Un Rahm a medio gas mantiene sus opciones intactas de victoria. No se puede resumir de forma más concisa un día en el que no le salió nada al golfista español. El de Barrika está a tan nivel que volvió a arañar golpes al Club de Campo Villa de Madrid sin dar el nivel de juego que tiene.
Los putts cortos condenaron las opciones del vasco de asaltar el liderato. Si ayer fueron los largos al no haber tomado contacto con el verde de Madrid hoy ya con la fuerza cogida fueron cuatro putts de no más de dos metros que no quisieron entrar. “No te puedes creer lo que ha hecho esa bola. Qué mala suerte. Empezar así…”. Eso le decía a su caddie Adam Hayes, curiosamente en castellano y no en inglés.
El putt del 12 (hoyo 3 para él hoy) fue el presagio de lo que estaba por venir. De confianza va sobrado porque agarro el wedge donde cualquier mortal coge el putter sin pestañear. A tres metros en antegreen para birdie. Lo pagó caro porque su chip se quedó corto y acabó fallando ese putt de menos de un metro que le atormentó toda la vuelta.

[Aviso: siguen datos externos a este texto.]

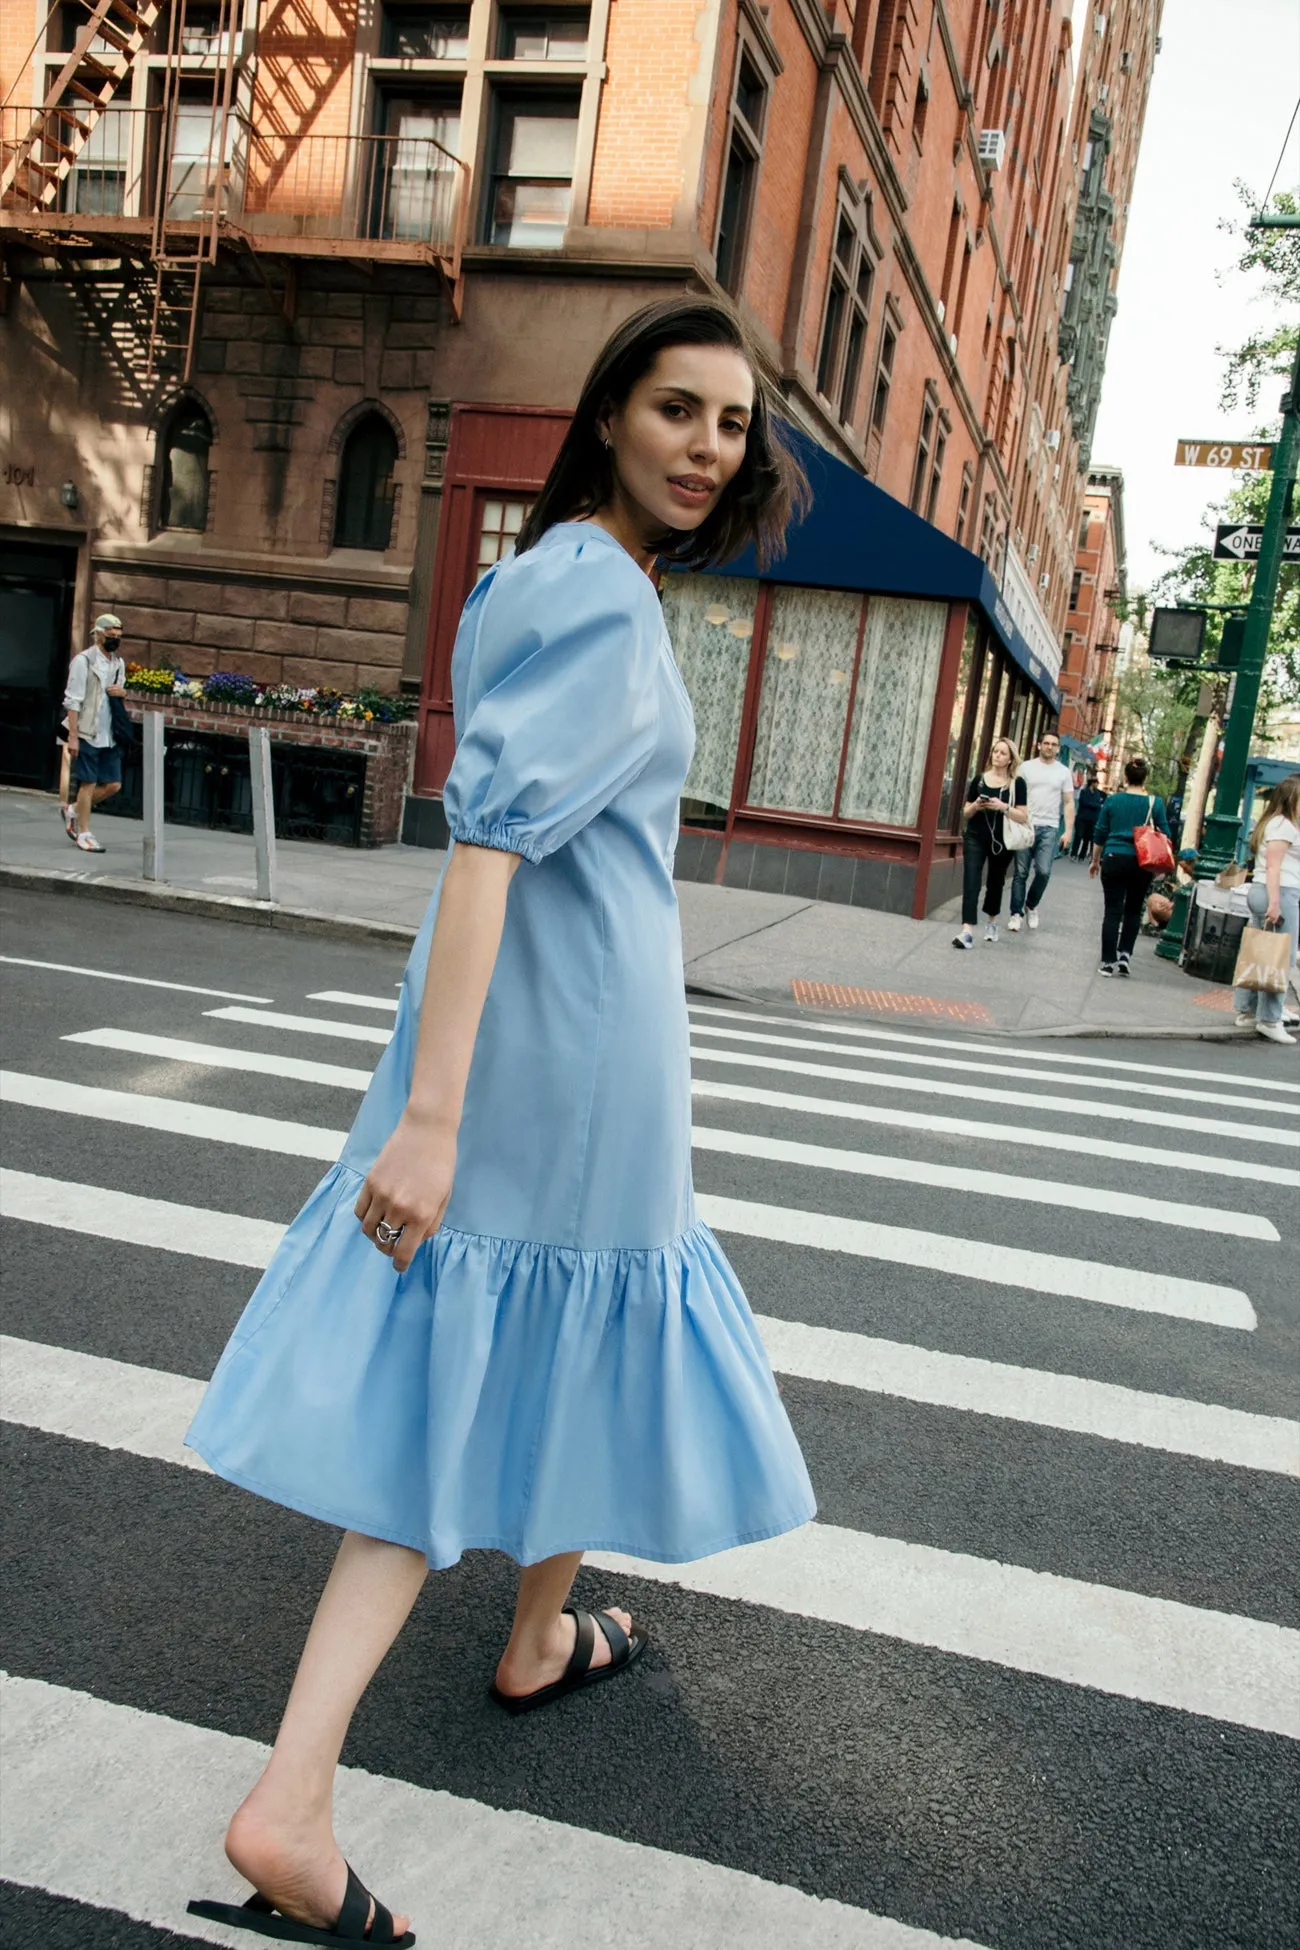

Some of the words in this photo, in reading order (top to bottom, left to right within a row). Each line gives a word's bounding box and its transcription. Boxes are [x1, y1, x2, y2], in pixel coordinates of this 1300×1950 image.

En el 12, 18, 2 y 6. Rahm se dejó cuatro golpes en el campo con putts que hay que meter. Si bien es verdad que el campo le castigó en exceso. Él mismo en el 2 lo dijo a los cuatro vientos visiblemente enfadado: “No puede ser que cada fallo lo tenga que pagar”. Hay días que los fallos acaban siendo benévolos, no fue el caso de Jon esta mañana. Cuatro fallos, cuatro bogeys.
Y se preguntarán, de forma lógica, cómo es posible que acabará bajo par. El motivo principal es porque es muy bueno y el secundario es que el vasco es un tirano en los tres pares 5 del Club de Campo. Los volvió a achicharrar. Un eagle y dos birdies para estar ‘in contention’. 69 golpes, dos bajo par donde la mayoría del field estaría hablando de un setenta y muchos. Esa es su grandeza.
Se presenta al sábado justo donde él quería. Avisó el miércoles, recién aterrizado de Estados Unidos, que nadie esperara mucho de él, pero que si llegaba entre los diez primeros al fin de semana, entonces sí, se le podría exigir. Le tomamos la palabra.